At Whittier Street, current tenants have been relocated to other units during the construction.

The redevelopment of the Whittier Street project may be the last public housing construction funded by HUD for the foreseeable future, McGonagle said. The Trump administration has eliminated the HUD Choice program and made cuts to the HUD operating budget.

“Even the fiscally-conservative Republican House rejected the budget put forward by Trump and [HUD Secretary] Ben Carson,” he said.

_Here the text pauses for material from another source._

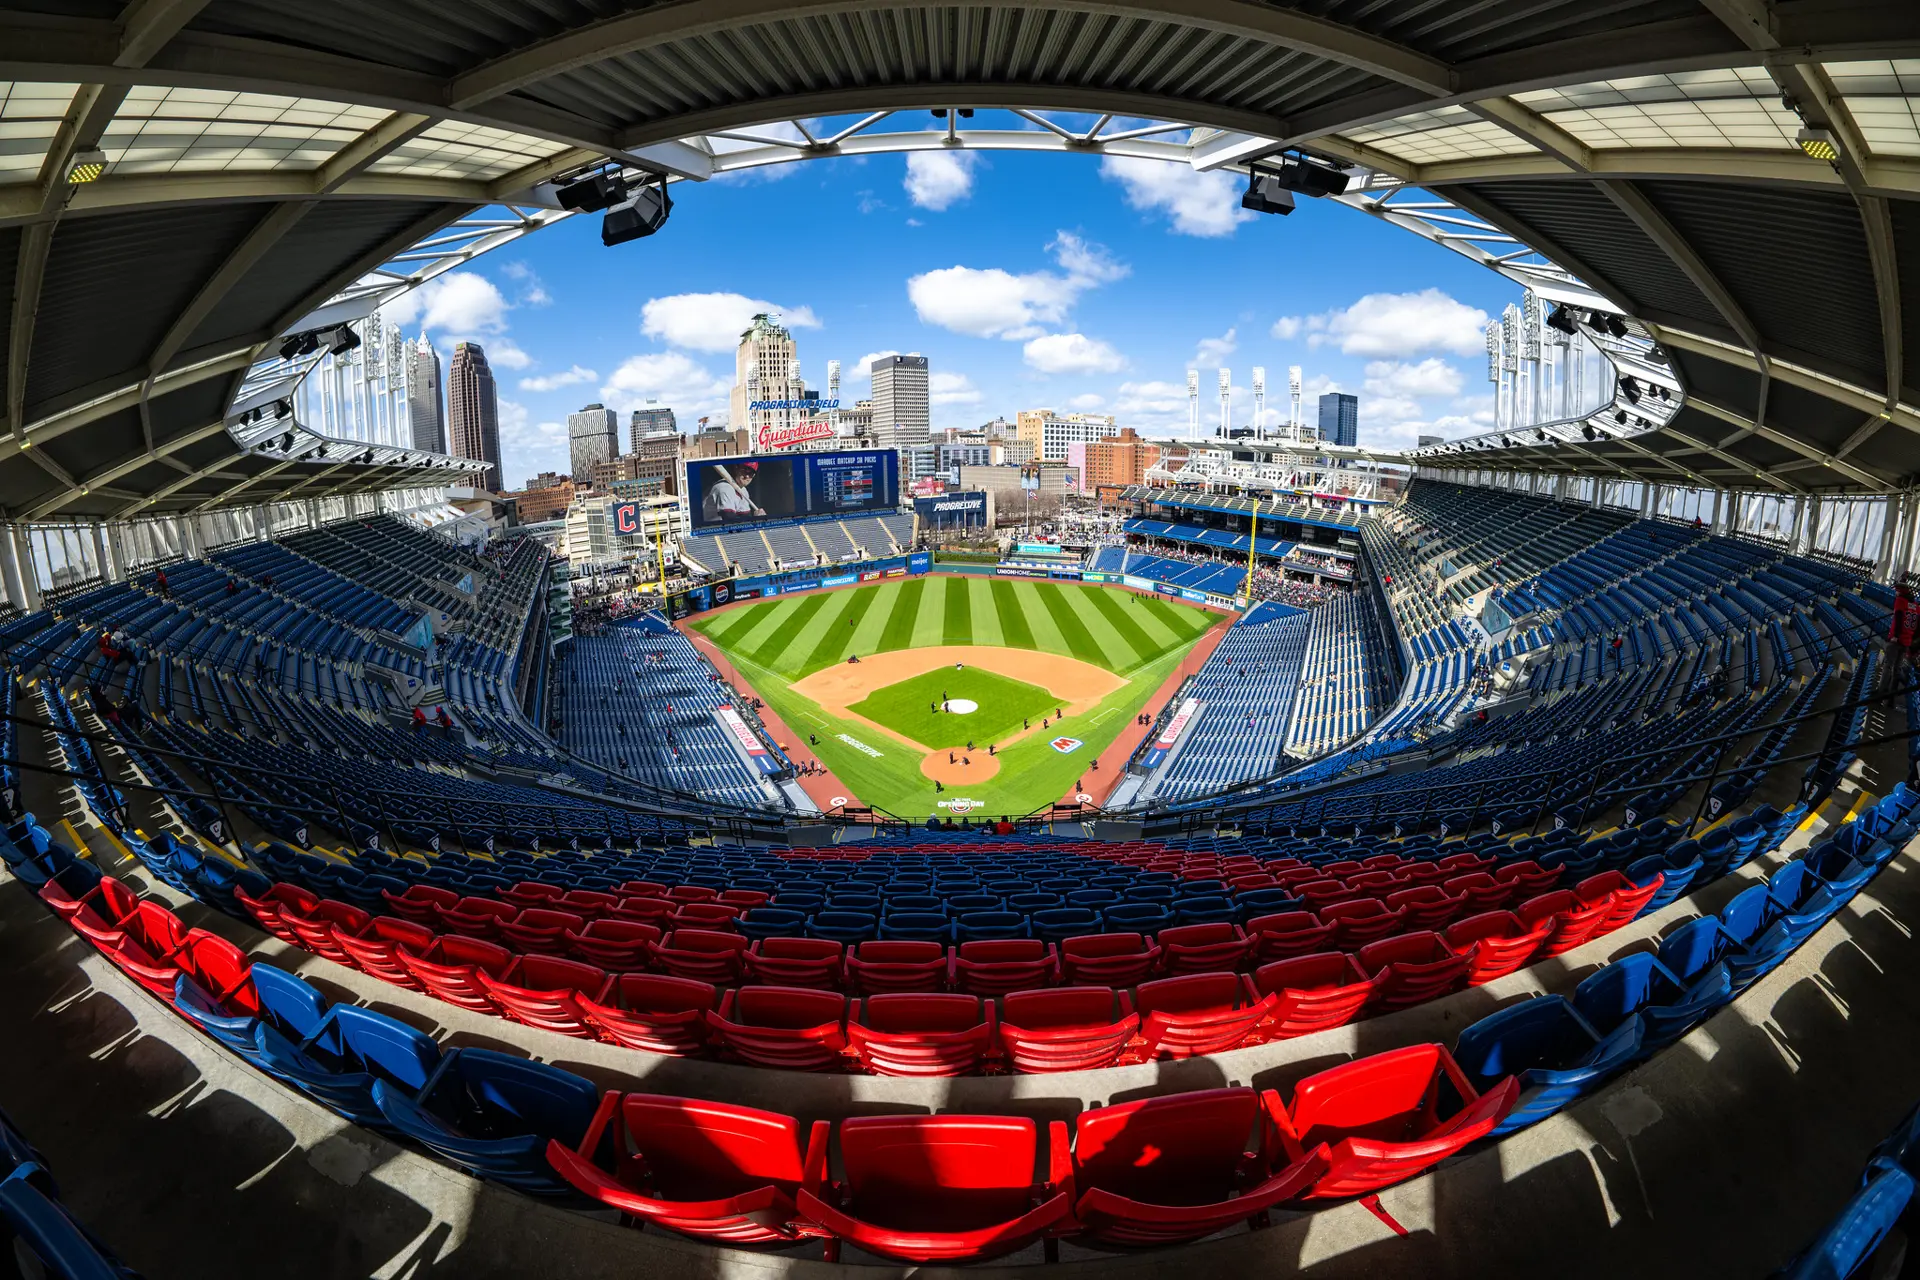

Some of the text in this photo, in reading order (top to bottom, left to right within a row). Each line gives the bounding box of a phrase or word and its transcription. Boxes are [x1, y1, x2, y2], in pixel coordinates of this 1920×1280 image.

In Boston, BHA officials have been pushing for preservation of their housing stock by seeking for-profit redevelopment, using existing BHA land for market-rate development that subsidizes renovation and maintenance of existing affordable units. In the BHA’s Bunker Hill housing development in Charlestown, the agency teamed up with Corcoran Jemison for a new 2,700-unit redevelopment that includes replacement of the 1,100 existing affordable units.

In the South End, the BHA transferred ownership of 126 units in 24 Victorian-era townhouses on West Newton and Rutland streets to Inquilinos Boricuas en Acción (IBA), a community development corporation. IBA will renovate the units and maintain them as affordable.

On the Whittier project, noted McGonagle, who is stepping down this year after 40 years at the agency, participation of workers of color has surpassed the Boston Jobs Residency requirement of 51 percent.

“As of June 30, 56 percent of working hours were by men and women of color,” he said. “I’m particularly proud of that statistic.”